In reality, the truth is somewhere in between. Though it can become a compulsive activity that is dangerous to our mindful well-being, social media’s potential for good means it behooves us to approach it in a more mindful way. What makes social media so tricky to deal with is that it’s both an endless stream of new things to consume, and a gaping maw begging you to fill it with awfully filtered photos of your dinner and jokes about Donald Trump and/or Hillary Clinton.
The first of these is to ask yourself why you are on social media in the first place? Not just why you even have an account, but why you’re opening the app for the umpteenth time today. The answers for these can be different for each network, and even for each day. The important thing is to be aware of the reason. For me, it’s often because I want a friendly human connection and to know what is going on in the world. I’ve been in the midst of an experiment of filtering out most Twitter content that isn’t just a person posting text. Whether the experiment is working is something for another essay, but it’s been a valuable way of rethinking how I use Twitter as a service.

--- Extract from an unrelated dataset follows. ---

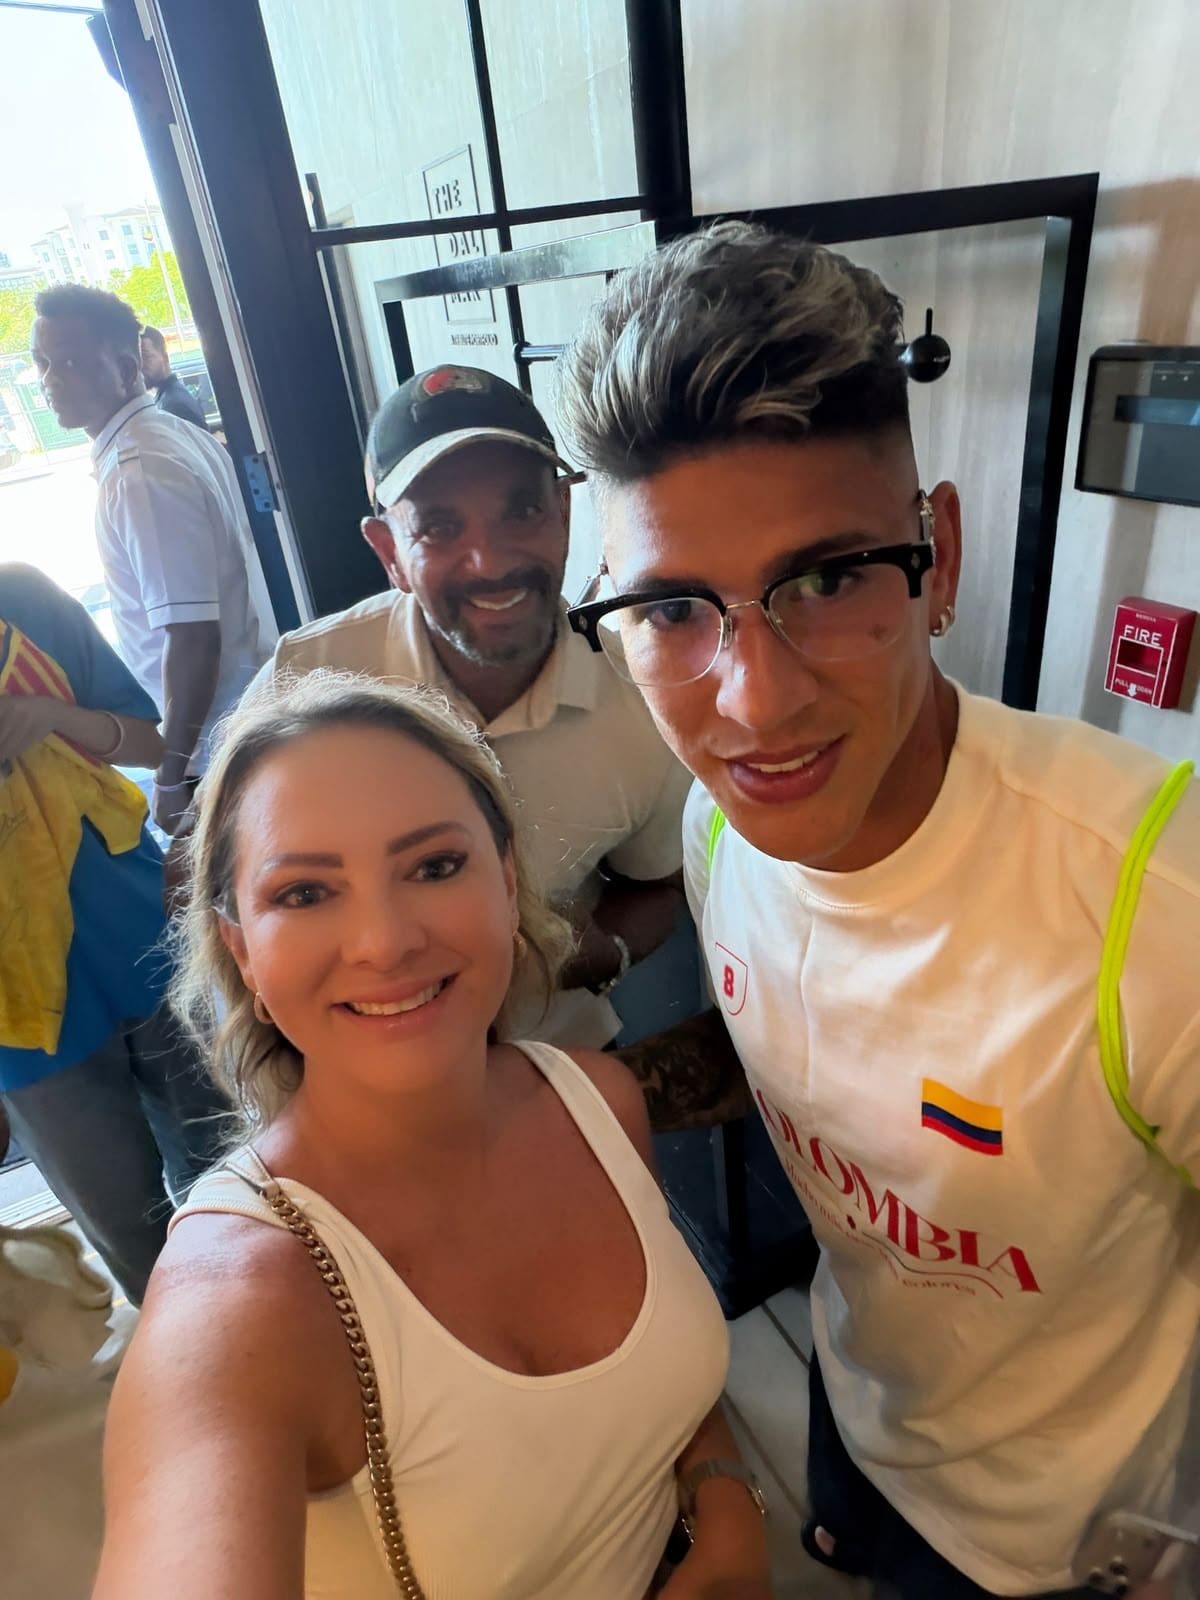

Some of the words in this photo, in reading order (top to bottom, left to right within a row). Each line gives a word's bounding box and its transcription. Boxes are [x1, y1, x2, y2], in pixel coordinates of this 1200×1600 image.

We need to know why we are on social media. By diving into a social stream without intention, we run the risk of getting lost in it. We may post something dumb or hurtful, or just lose track of time. Awareness and intention are key. There’s nothing wrong with checking your Instagram while waiting in line at the grocery store, as long as you know you’re only dipping a toe in to fill the time. (Seriously. Put your phone away when you’re with the cashier.)
The second thing to ask yourself is what you hope to get from your social media experience. I want to be aware of issues technology and society from different viewpoints, so I use Twitter to follow a diverse group of people with different opinions than I have on many issues. By way of example, though I’m an ardent atheist, I follow several people of devout faith, including a Catholic priest. I appreciate their alternate perspective on matters in the world, though I don’t always agree with them. Of course, it helps that they’re all pleasant and friendly people to boot. There’s room to improve on this measure, to be sure. I’m not following many people of color, for example. Still, having these alternative perspectives means a lot to me.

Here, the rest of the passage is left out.